Federal Transport Minister Marc Garneau says starting in November, tank cars like those involved in the deadly rail disaster in Lac-Mégantic, Que. will no longer be allowed to transport oil in Canada.
The DOT-111 cars will be phased out for the carrying of oil six months earlier than planned for “non-jacketed” cars — those without a layer of thermal protection — and 16 months earlier than cars with jackets. By 2025, it will be prohibited to transport any flammable liquids in the cars, Garneau said.
Garneau said about 28,000 DOT-111 railcars are still in use, travelling between Canada and the United States. He said the cars may be upgraded, used to transport other goods or sold to be scrapped.
Trains coming from the U.S. will be monitored to ensure they comply with the new rules.
According to the Transportation Safety Board, the cars don’t provide adequate safeguards against fire and increase the risk of explosions.

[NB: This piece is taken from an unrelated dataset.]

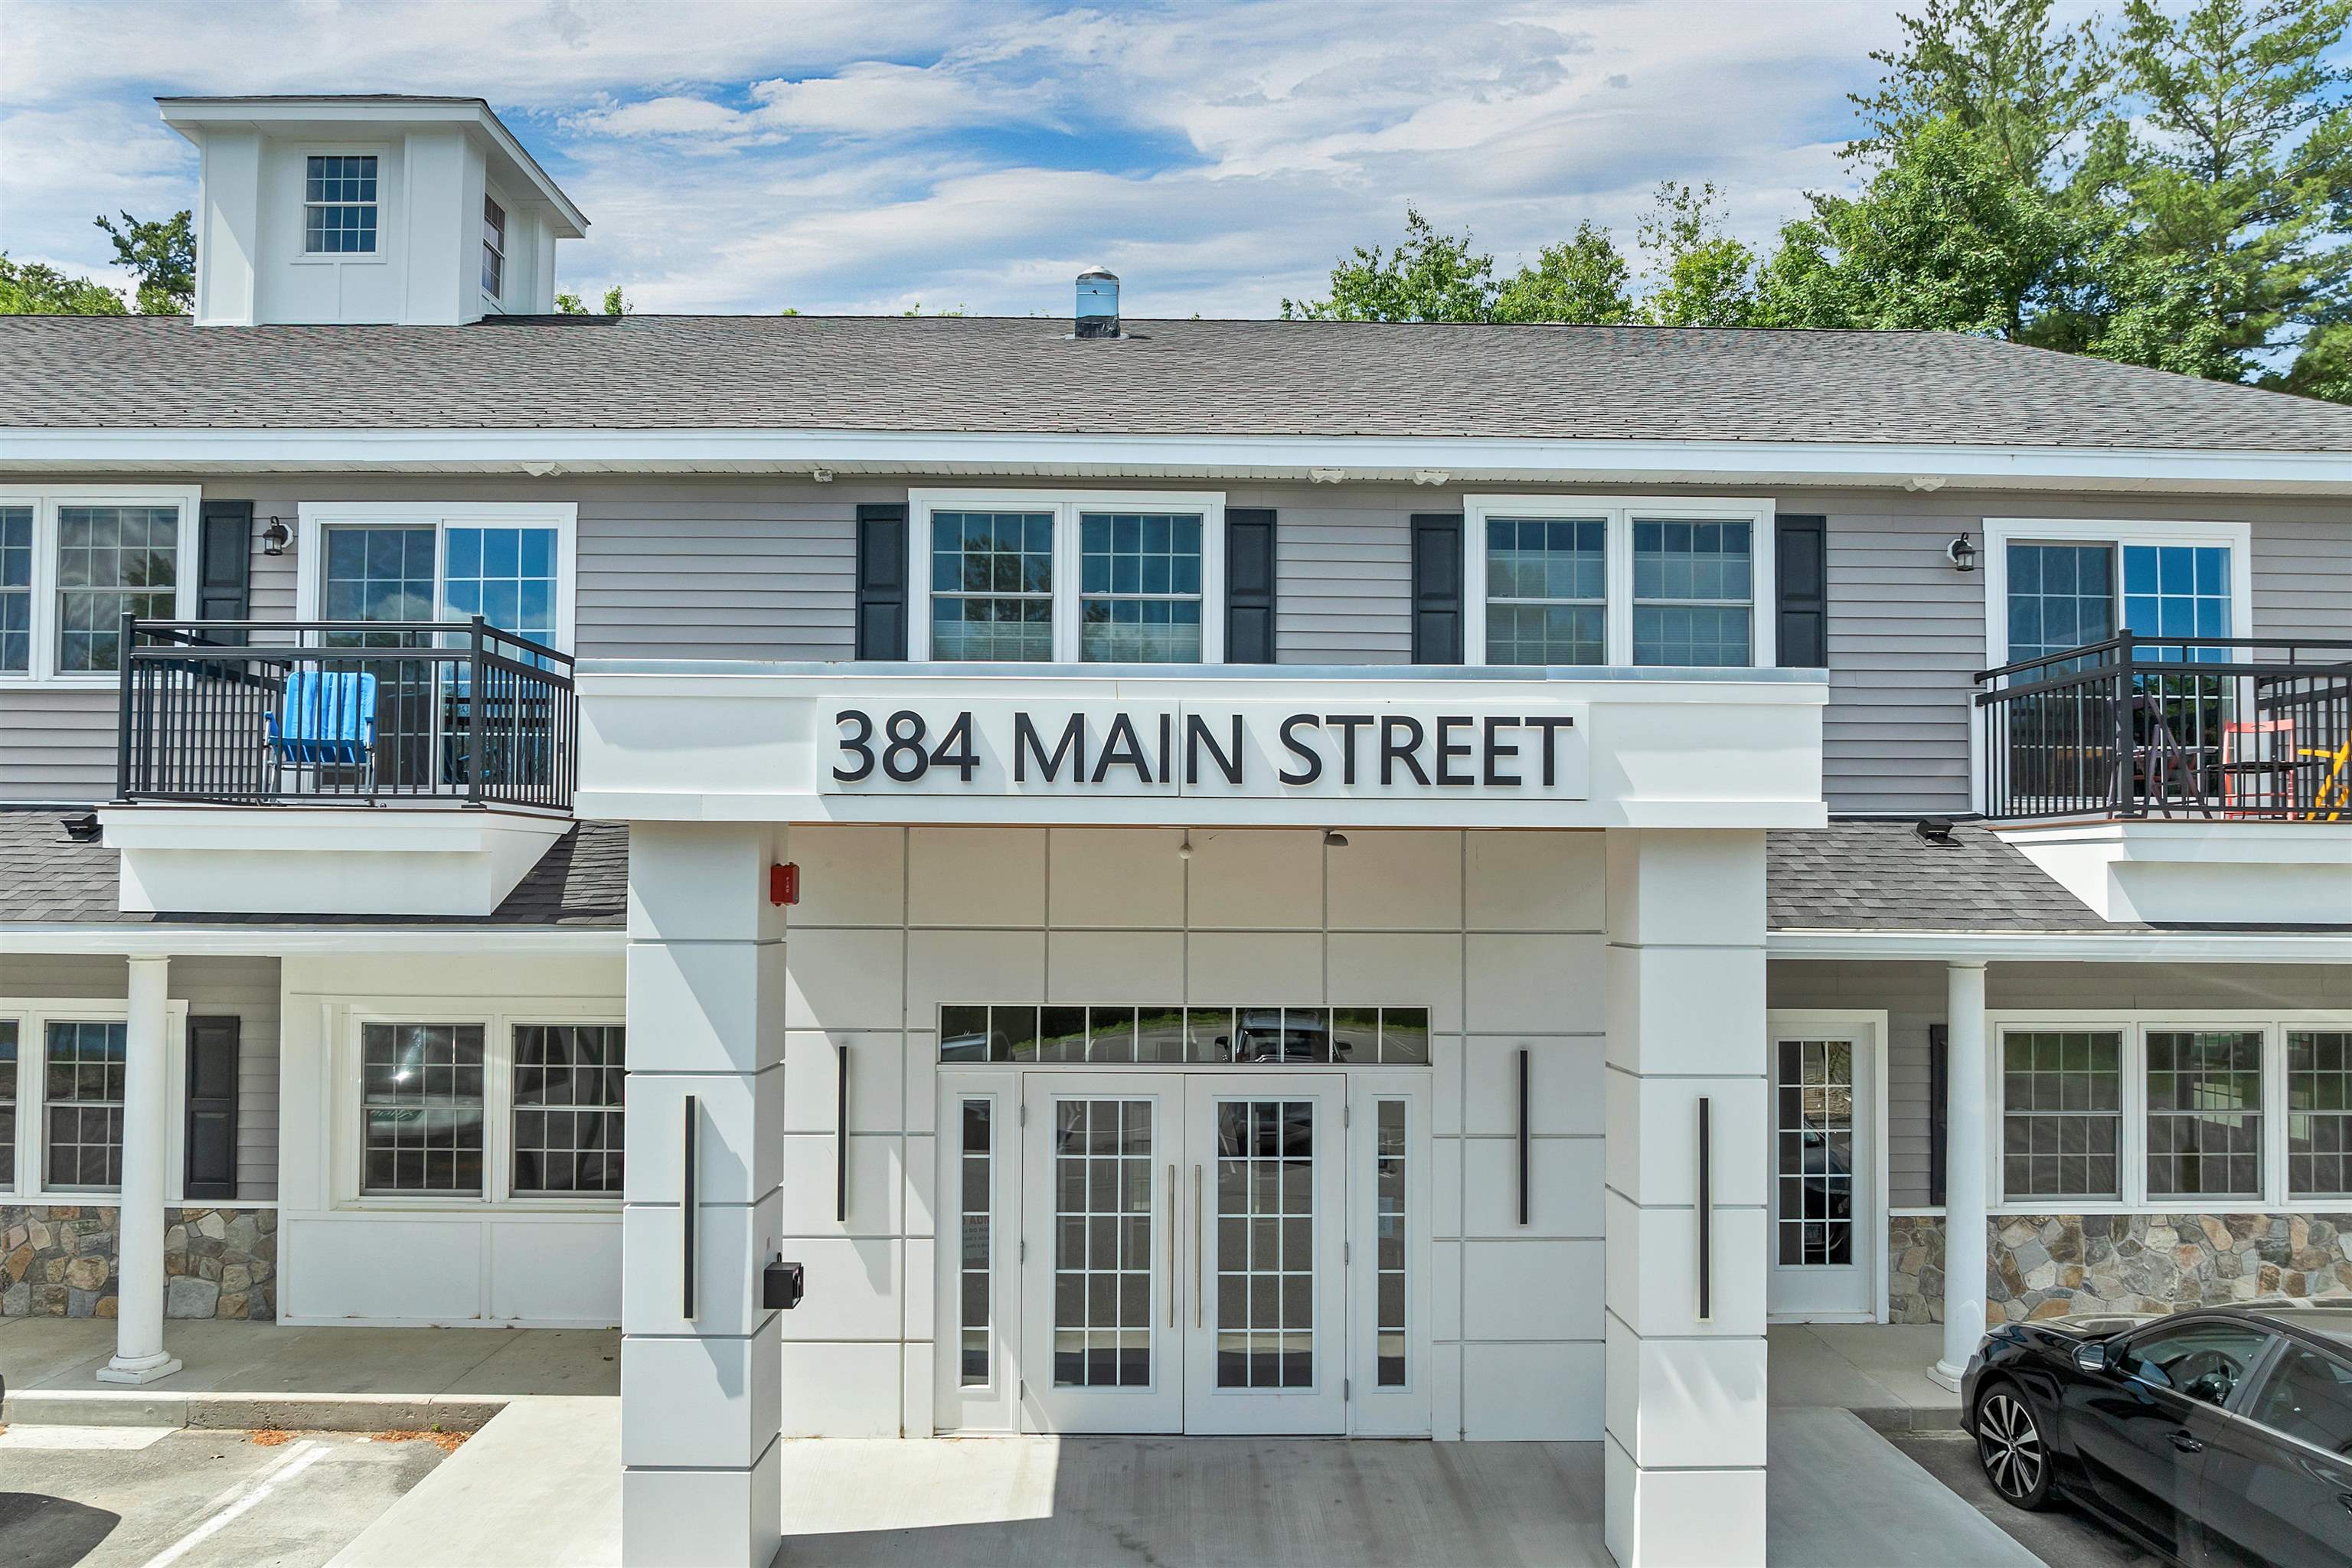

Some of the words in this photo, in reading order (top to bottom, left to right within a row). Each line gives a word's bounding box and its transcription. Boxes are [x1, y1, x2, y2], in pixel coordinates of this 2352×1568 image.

[832, 710, 981, 783] 384
[1014, 712, 1243, 785] MAIN
[1279, 714, 1574, 786] STREET

Accident investigators have said for decades that the DOT-111 railcars are easily punctured or ruptured, even in low-speed impacts.
A new class of tank car, the TC-117, was unveiled in May 2015 and is described as having a thicker steel hull, thermal protection to increase the ability to withstand fire, a full head shield, protective valve covers and a bottom outlet valve for safety.
The Railway Association of Canada, Canadian National and Canadian Pacific applauded the move.